All three redistricting plans — for Texas’ congressional delegation, its state House of Representatives and the state Senate — were blocked by the federal court. The Supreme Court had earlier ruled that interim maps drawn by a federal court were invalid.
The panel of three judges found that “surgery” had been performed on congressional districts belonging to minority members of Congress while no such alterations were made to districts belonging to incumbent white members of Congress.
“Anglo district boundaries were redrawn to include particular country clubs and, in one case, the school belonging to the incumbent’s grandchildren,” the judges wrote.
That country club reference is tied to Rep. Lamar Smith (R-TX), who chairs the House Oversight Committee that oversees the Justice Department.
You can read the opinion here (there was a partial dissent by Judge Griffith as to one district, who wrote most of the majority opinion as well).
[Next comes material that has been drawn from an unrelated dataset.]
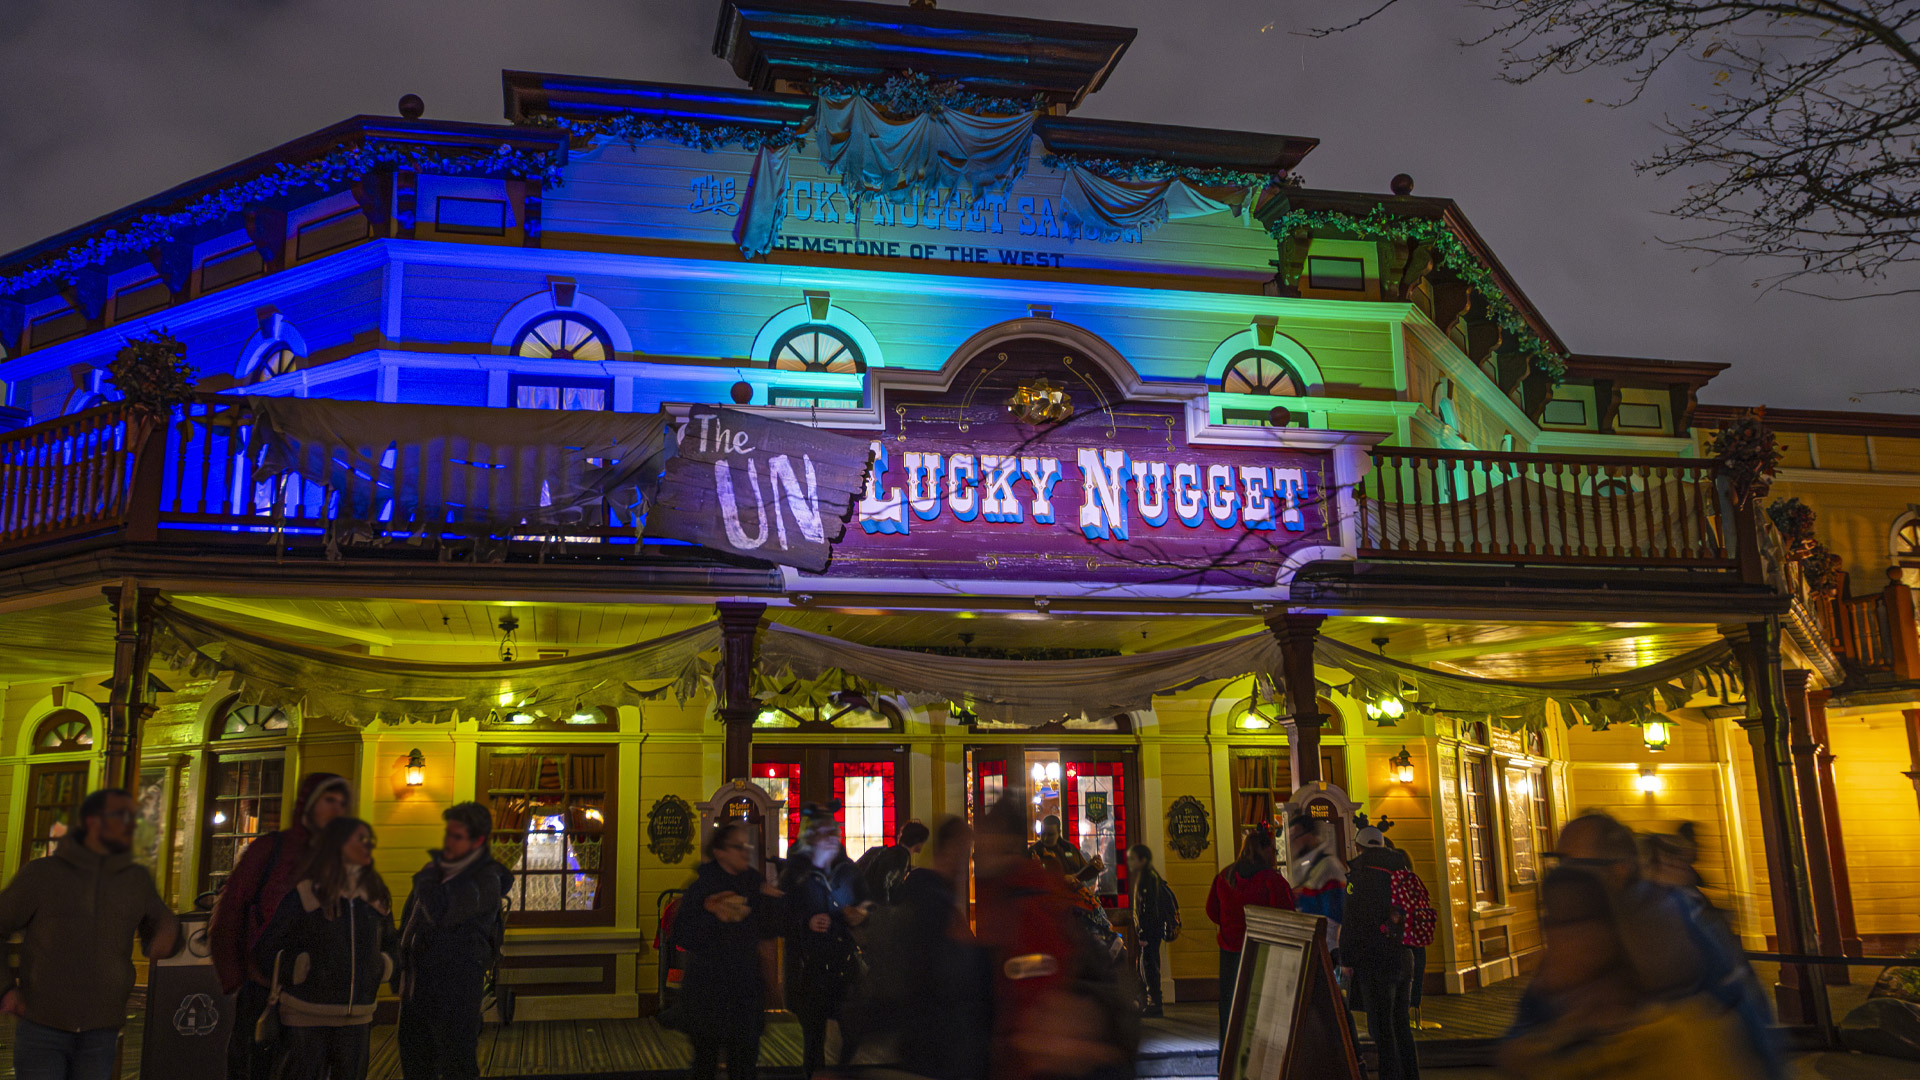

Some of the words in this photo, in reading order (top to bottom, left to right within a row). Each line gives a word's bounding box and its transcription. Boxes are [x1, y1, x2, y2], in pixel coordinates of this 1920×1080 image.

Rick Hasen at Election Law Blog adds, Breaking News: Federal District Court Denies Preclearance of Texas Redistricting Plans [Now updated with analysis]:
I have now had a chance to take a quick look at this opinion [actually an opinion by Judge Griffiths on most of the analysis, with a separate opinion concerning a single congressional district, written by Judge Collyer]. Here are some thoughts.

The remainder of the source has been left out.